I do my friend, I go to the gym almost everyday stay busy doing all the things I can to not stay stuck in a cave. However, this has really hit home! I needt o know how to cope with this to get my mind free from what has happened.


----------



## SHARKY (Nov 30, 2010)

alphaomega said:


> So, why are you to affection for your daughter. Is your ws distant to both of you while sje is in the fog?
> _Posted via Mobile Device_


She has been distant from me of course. However, I have always been very close to my daughter in every way.


----------



## SHARKY (Nov 30, 2010)

HurtinginTN said:


> I feel your pain, brother. I had the same thing just last night. I caught her side on tape.
> 
> Did you know it was going on before this? Is he local so there could be a hookup? I don't know your story. I apologize for the questions if you have already posted it.
> 
> ...


I have had my suspension but did not have any facts to justify an affair. Now I know and it hurts bad, I wish I could turn the clock fast forward to see the light ahead of the tunnel. How do people cope with this, one needs to be under your own skin to see what this is like.


----------



## Jellybeans (Mar 8, 2011)

SHARKY said:


> I winder what is going thru her mind knowing that now I know she has been having an affair.

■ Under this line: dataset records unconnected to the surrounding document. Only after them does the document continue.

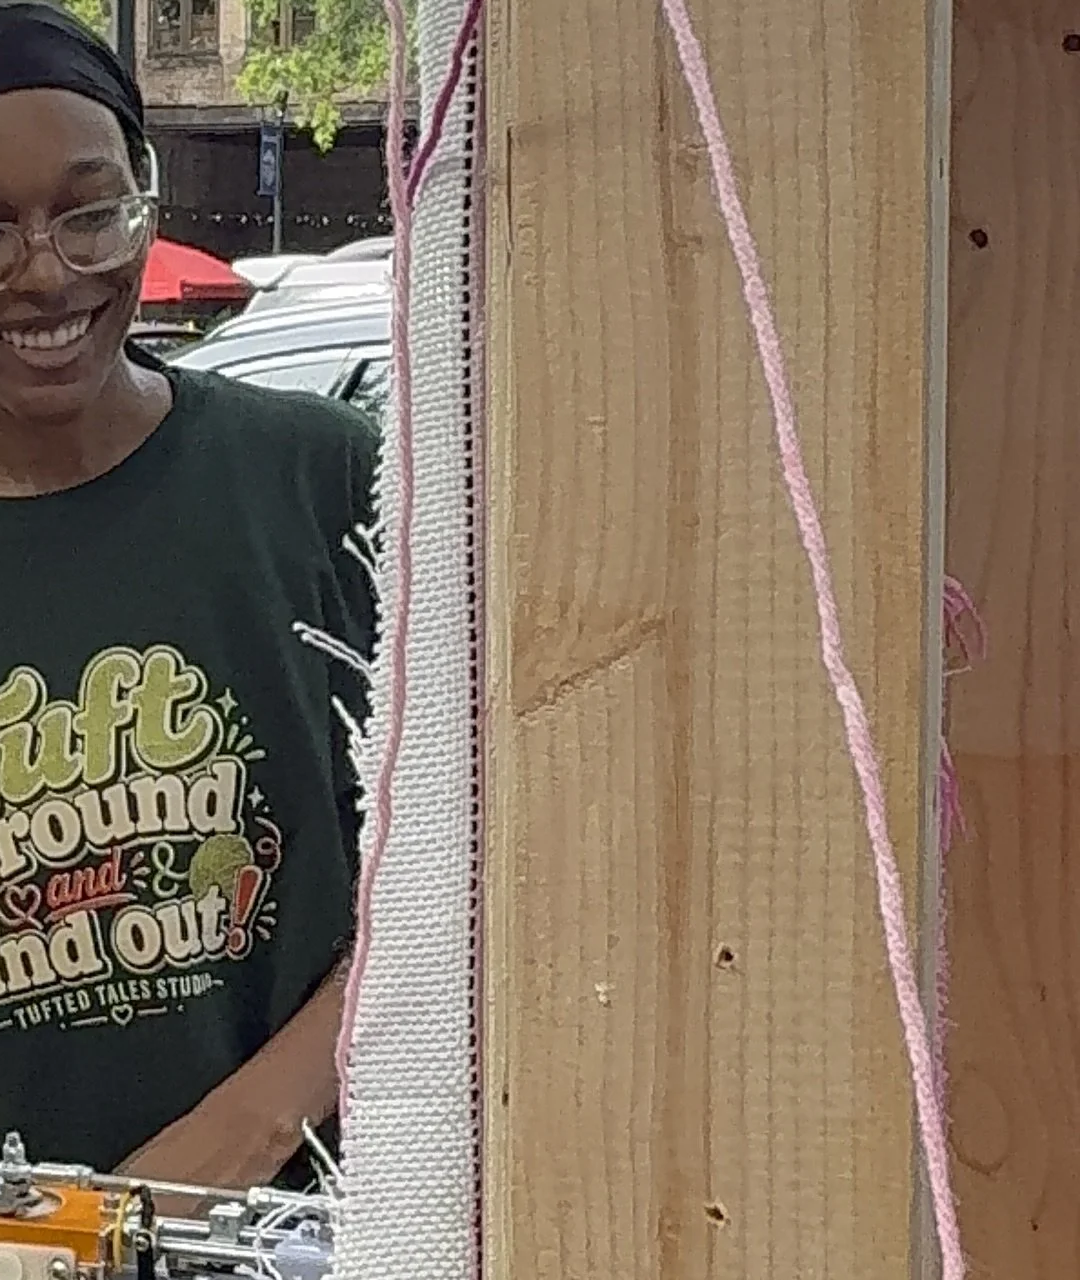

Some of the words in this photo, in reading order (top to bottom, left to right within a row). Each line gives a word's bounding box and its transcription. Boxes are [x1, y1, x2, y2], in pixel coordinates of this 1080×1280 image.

[47, 848, 126, 910] and
[114, 866, 262, 957] out!
[14, 989, 91, 1030] TUFTED
[95, 978, 152, 1006] TALES
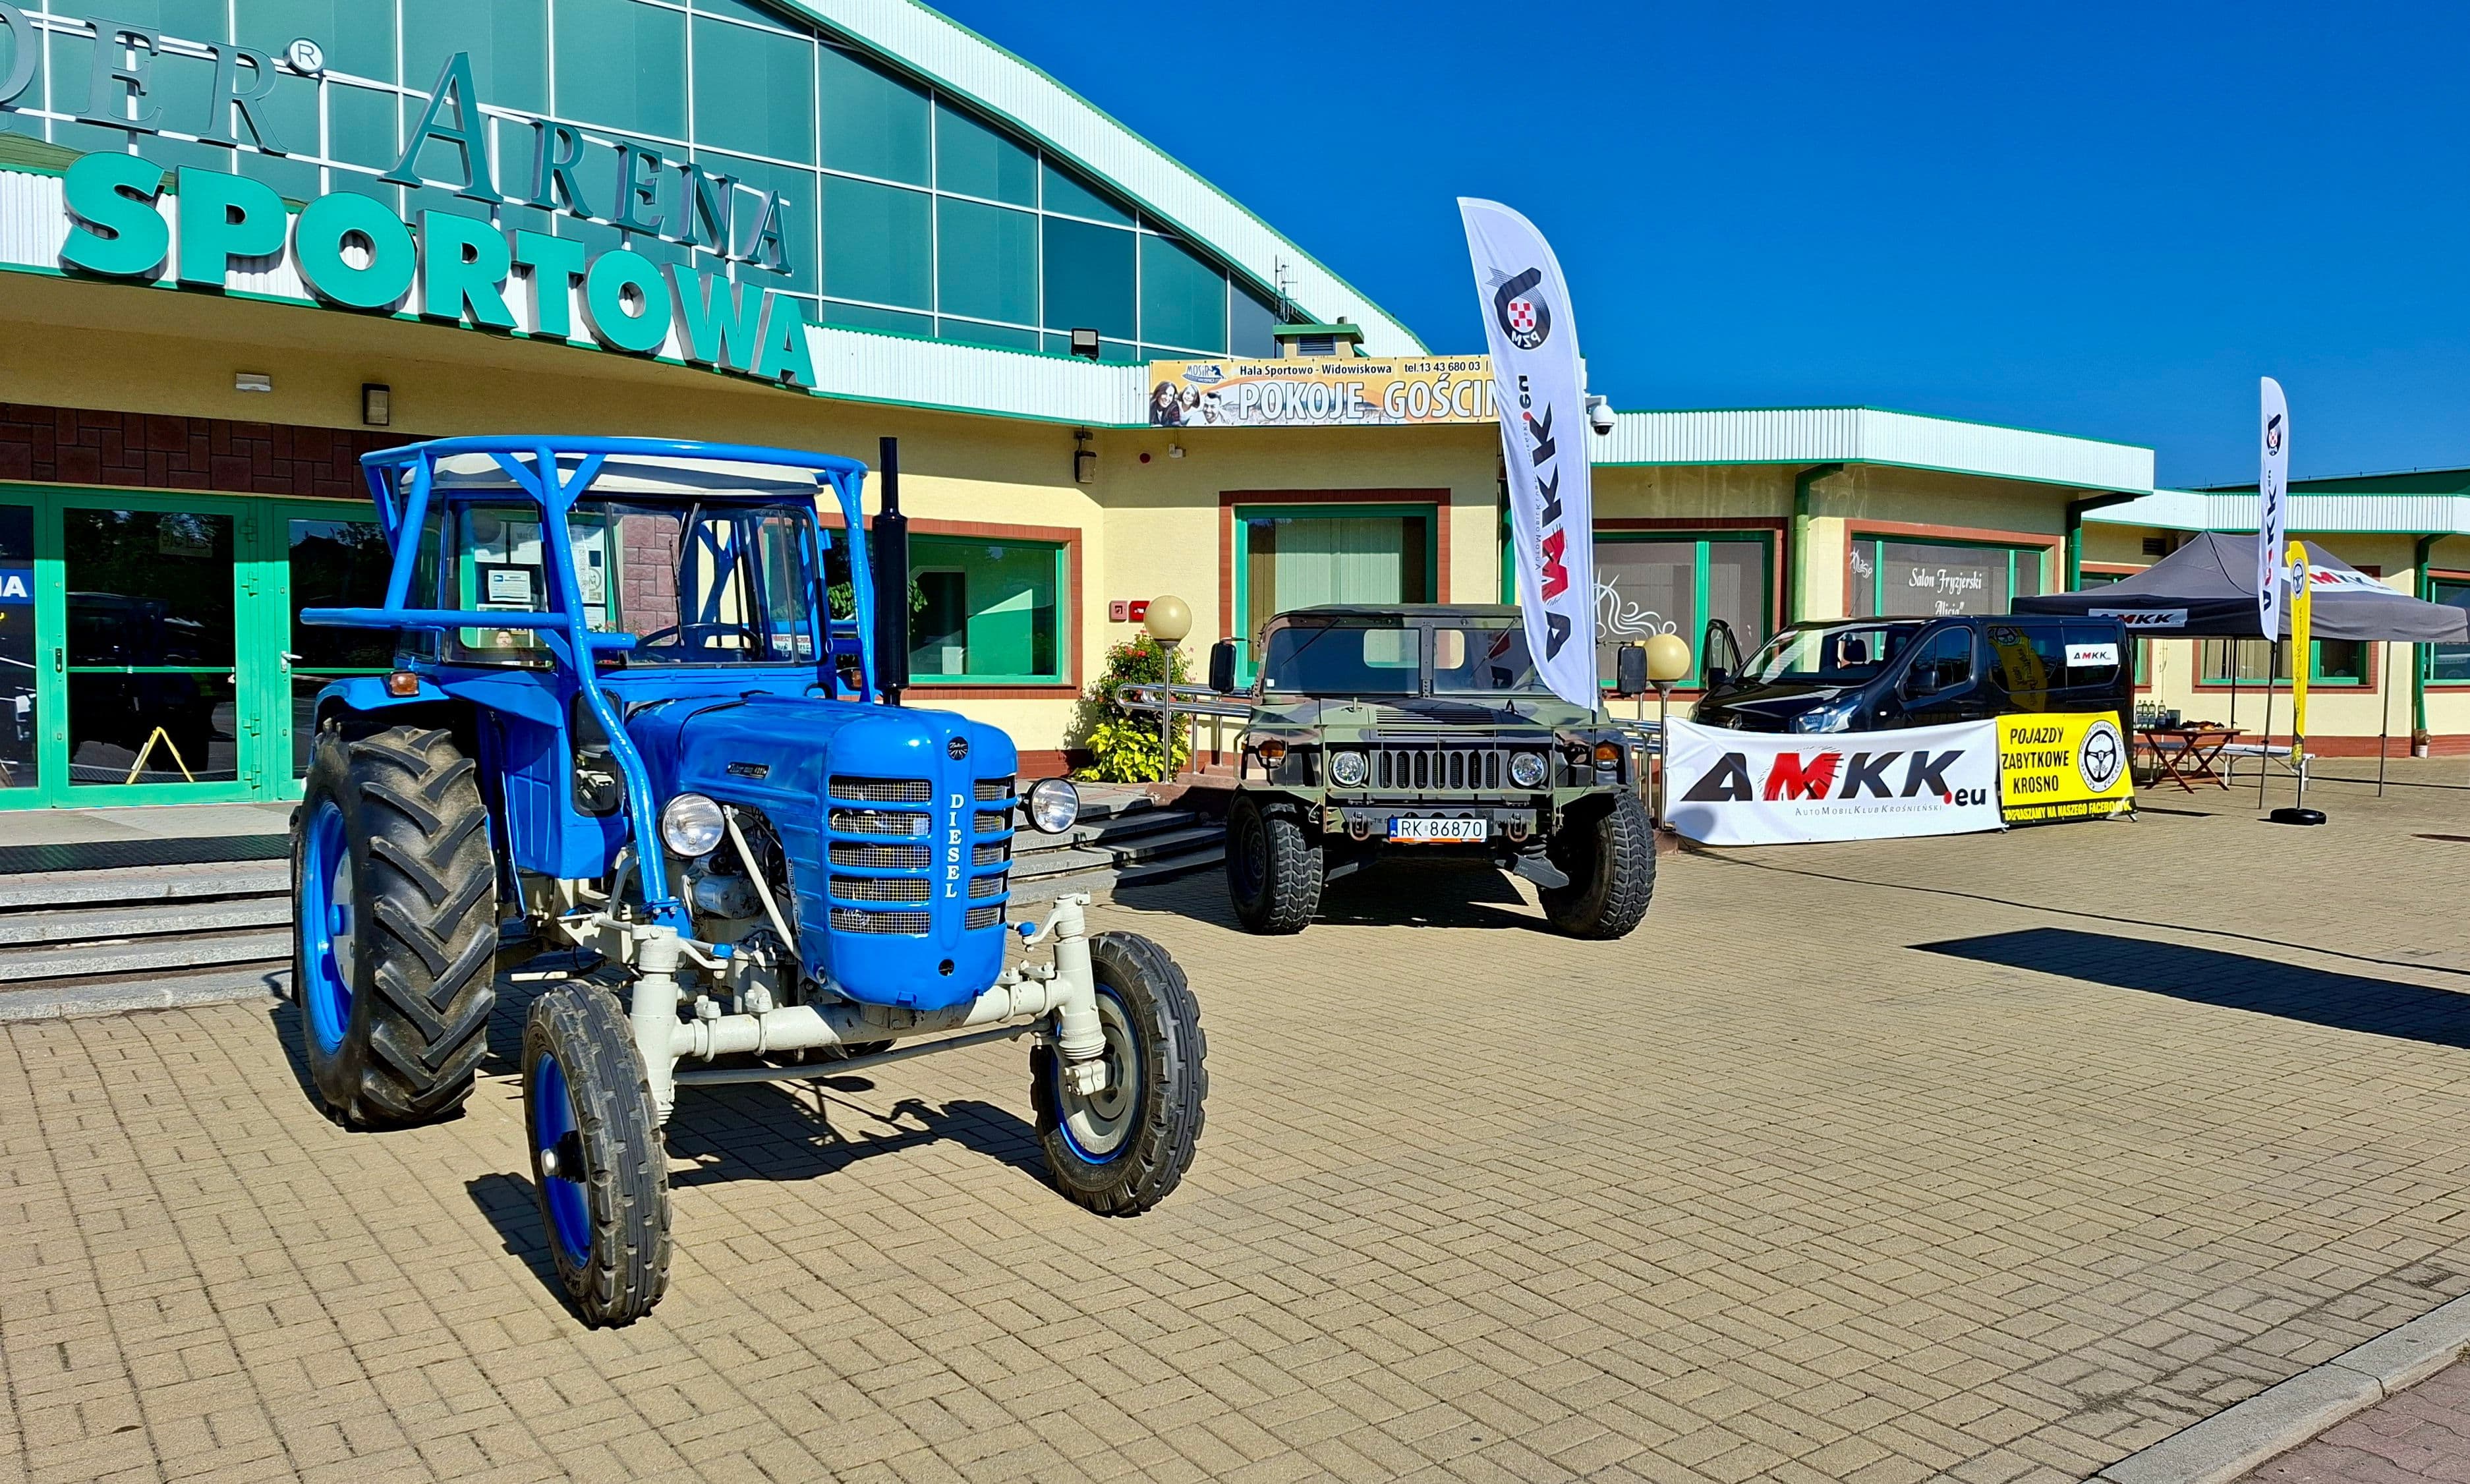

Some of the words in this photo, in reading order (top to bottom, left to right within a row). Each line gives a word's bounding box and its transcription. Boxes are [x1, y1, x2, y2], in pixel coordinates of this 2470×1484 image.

No doubt she doesn't feel great about it like before you found out.


----------



## peace (Jan 19, 2011)

Jellybeans said:


> No doubt she doesn't feel great about it like before you found out.

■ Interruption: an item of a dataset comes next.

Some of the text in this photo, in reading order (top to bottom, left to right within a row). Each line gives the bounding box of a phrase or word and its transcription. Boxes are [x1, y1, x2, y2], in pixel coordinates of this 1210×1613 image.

Jellybeans I have read a lot of your situation on here. I feel sorry for Sharky big time because this can not be easy for anyone. Jellybeans, so what does her mind focus on now that she has been heard from her husband, from a women stand point. Be strong Sharky you have everything to gain and she has everything to loose.


----------



## oaksthorne (Mar 4, 2011)

HurtinginTN said:


> I feel your pain, brother. I had the same thing just last night. I caught her side on tape.
> 
> Did you know it was going on before this? Is he local so there could be a hookup? I don't know your story. I apologize for the questions if you have already posted it.
> 
> ...


What a great post.I am very impressed Sir!:iagree::iagree::iagree:


----------



## alphaomega (Nov 7, 2010)

SHARKY said:


> I do my friend, I go to the gym almost everyday stay busy doing all the things I can to not stay stuck in a cave. However, this has really hit home! I needt o know how to cope with this to get my mind free from what has happened.

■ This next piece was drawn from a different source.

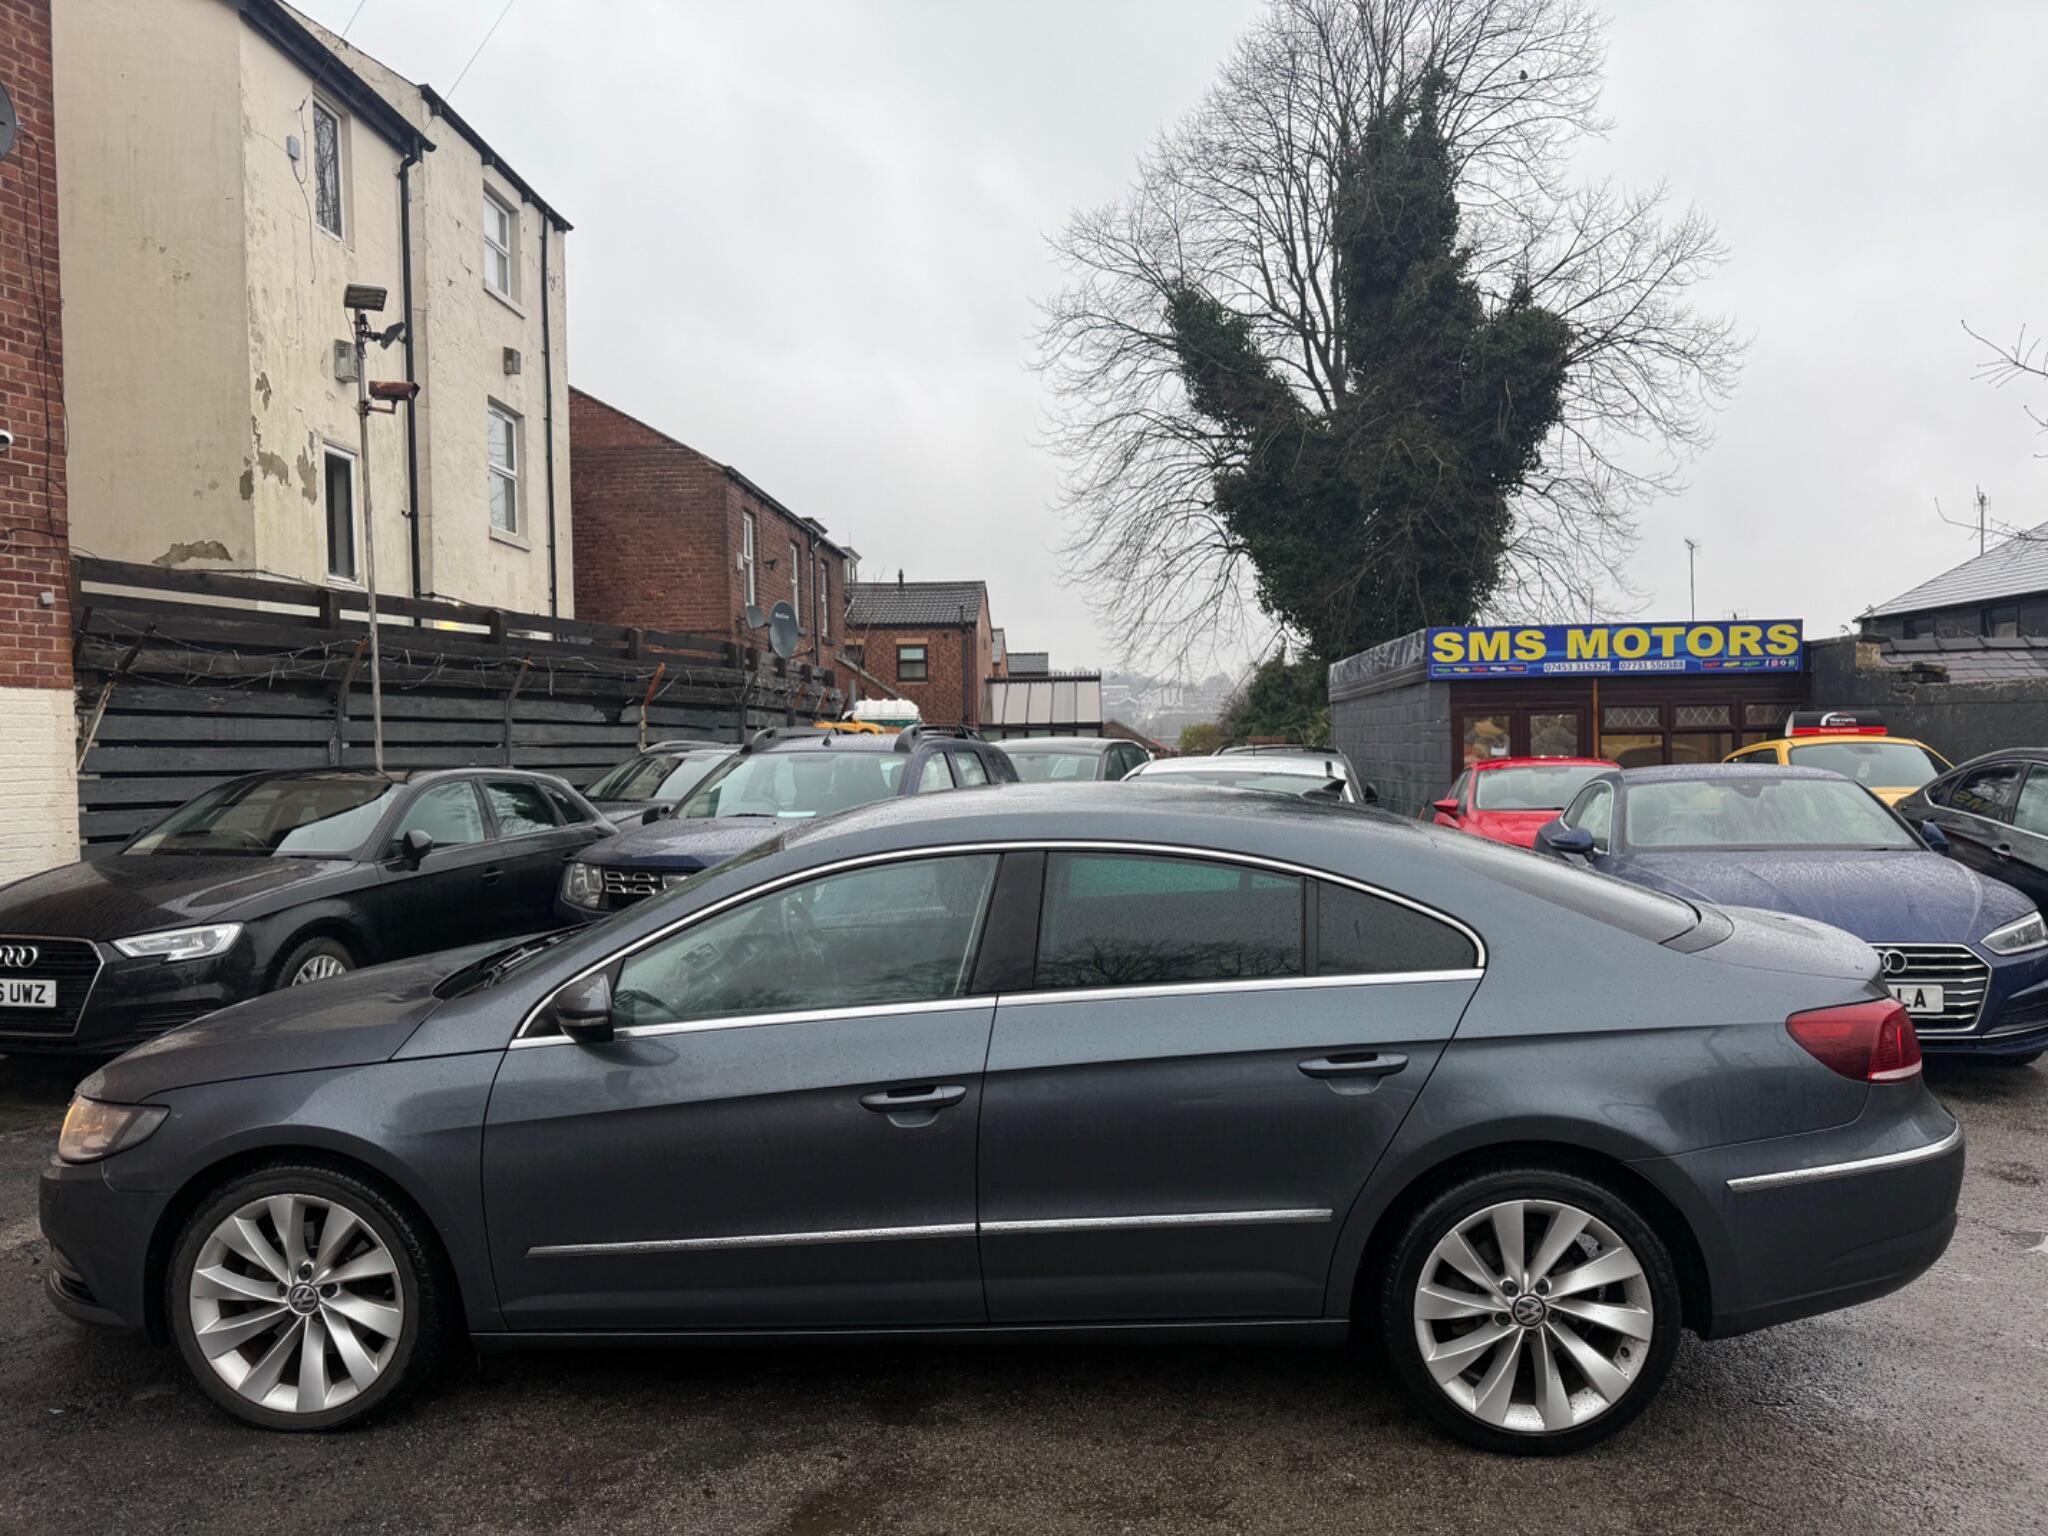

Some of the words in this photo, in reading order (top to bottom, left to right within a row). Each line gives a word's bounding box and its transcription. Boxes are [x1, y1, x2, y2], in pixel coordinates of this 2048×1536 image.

[1432, 631, 1547, 662] SMS
[1566, 625, 1799, 659] MOTORS
[9, 983, 46, 1004] UWZ

Sharkey, you will never be free in your mind until you lose the fear of what happens in the future. And lose the fear of losing your wife. Once i realized "Whats done is done, keep moving forward, regardless of what the future holds...", THEN i realized that i lyet my mind go from that pain. After that, it seemed manning up was easy. I know longer feared telling my WS what the hell i thought about her affair, for risk of making her upset. Then, i kicked her out. This seemed to force some reality into her, because se was trying to cake eat with me while justifying continuing her affair...because...well..it WAS all my fault in the first place.....lol
_Posted via Mobile Device_


----------



## Jellybeans (Mar 8, 2011)

peace said:


> Jellybeans I have read a lot of your situation on here. I feel sorry for Sharky big time because this can not be easy for anyone. Jellybeans, so what does her mind focus on now that she has been heard from her husband, from a women stand point. Be strong Sharky you have everything to gain and she has everything to loose.


What will happen is 1 of 2 things: Either she will realize the gravity of what she did and end all contact with OM (and Sharky would have to set a hard boundary and stick to it so she knows he means business, IMO) and commit herself to her marriage OR she won't care and carry on the affair as-is. 

In my situation, we both cheated, confessed and divorced (yesterday, actually). I had already ended all contact with OM, gone no contact but my H to this day is I believe still in touch with OW. If that is the case, he chose the affair over our marriage since the divorce just went through at his decision. I wanted to save the marriage, he didn't.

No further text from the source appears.